▶ **Stored data**
┄┄┄┄┄┄
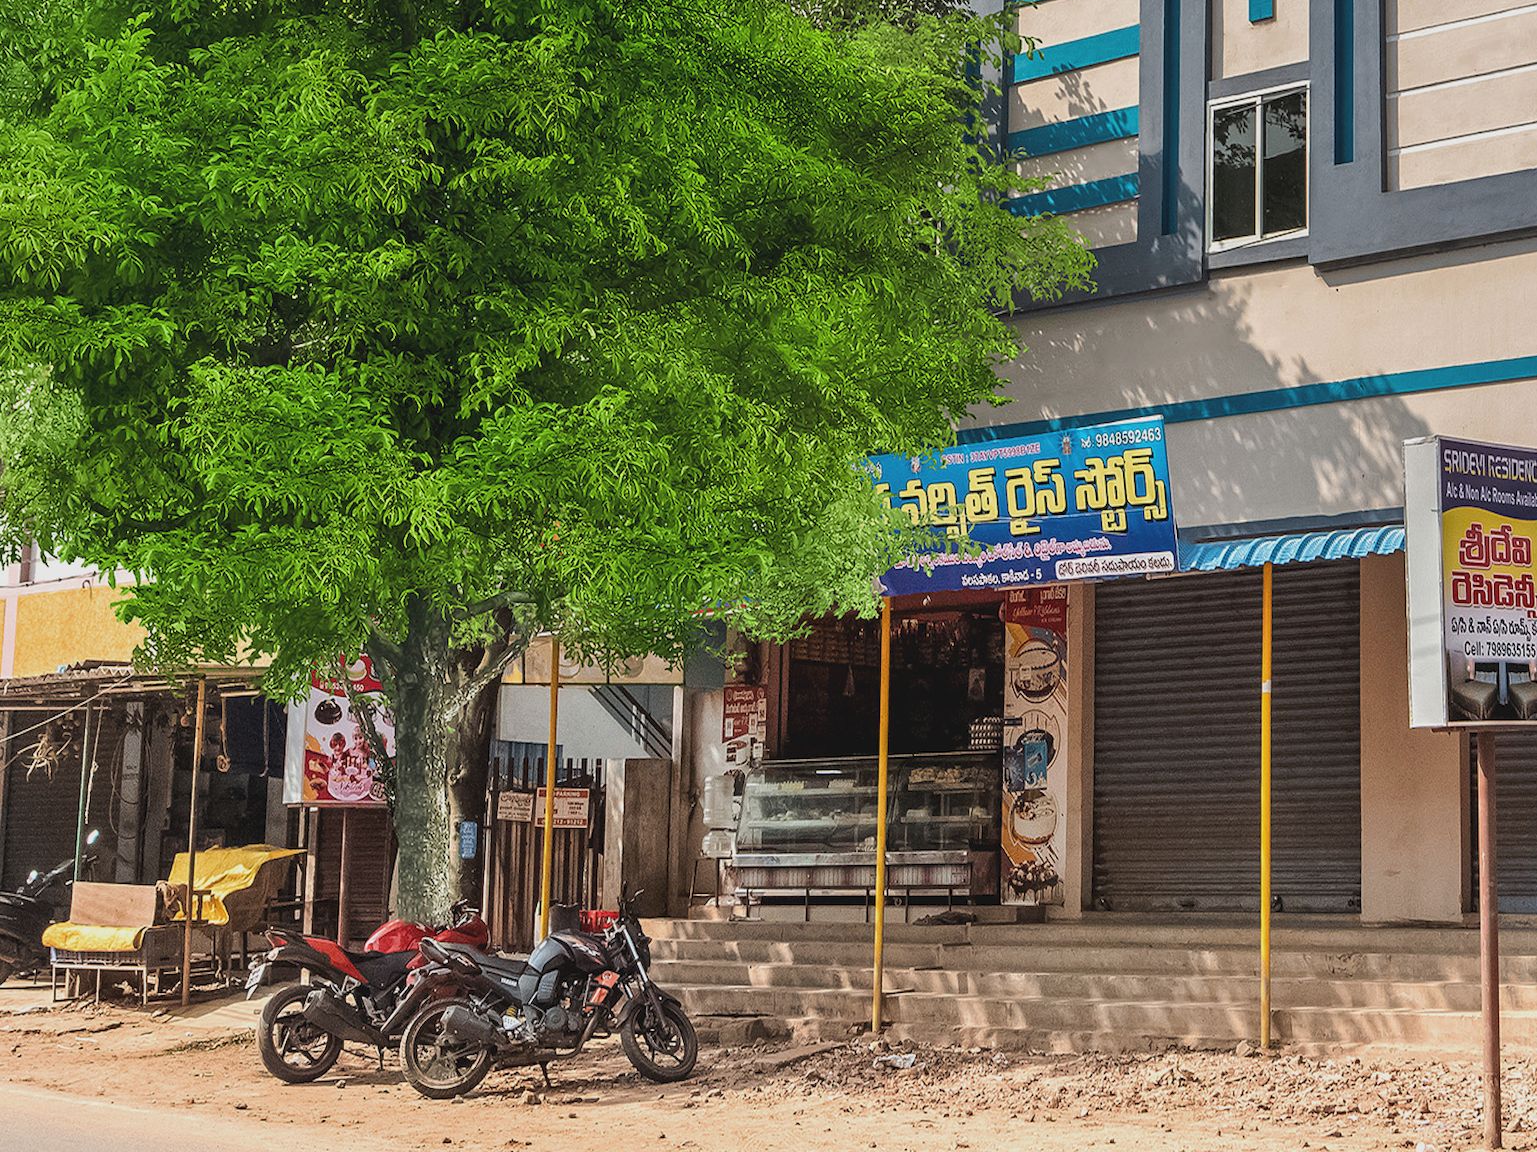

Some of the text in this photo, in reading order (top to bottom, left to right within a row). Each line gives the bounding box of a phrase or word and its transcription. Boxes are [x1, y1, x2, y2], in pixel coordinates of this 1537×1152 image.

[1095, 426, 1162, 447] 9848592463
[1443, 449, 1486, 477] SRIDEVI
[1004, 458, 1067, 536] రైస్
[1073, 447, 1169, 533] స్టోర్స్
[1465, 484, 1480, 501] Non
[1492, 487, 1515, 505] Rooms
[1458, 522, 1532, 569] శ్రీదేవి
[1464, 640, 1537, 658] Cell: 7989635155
┄┄┄┄┄┄
The records above must be printed exactly, but the pictures they hold should be omitted.

▶ **Task response**
Some of the text in this photo, in reading order (top to bottom, left to right within a row). Each line gives the bounding box of a phrase or word and its transcription. Boxes are [x1, y1, x2, y2], in pixel coordinates of this 1537×1152 image.

[1095, 426, 1162, 447] 9848592463
[1443, 449, 1486, 477] SRIDEVI
[1004, 458, 1067, 536] రైస్
[1073, 447, 1169, 533] స్టోర్స్
[1465, 484, 1480, 501] Non
[1492, 487, 1515, 505] Rooms
[1458, 522, 1532, 569] శ్రీదేవి
[1464, 640, 1537, 658] Cell: 7989635155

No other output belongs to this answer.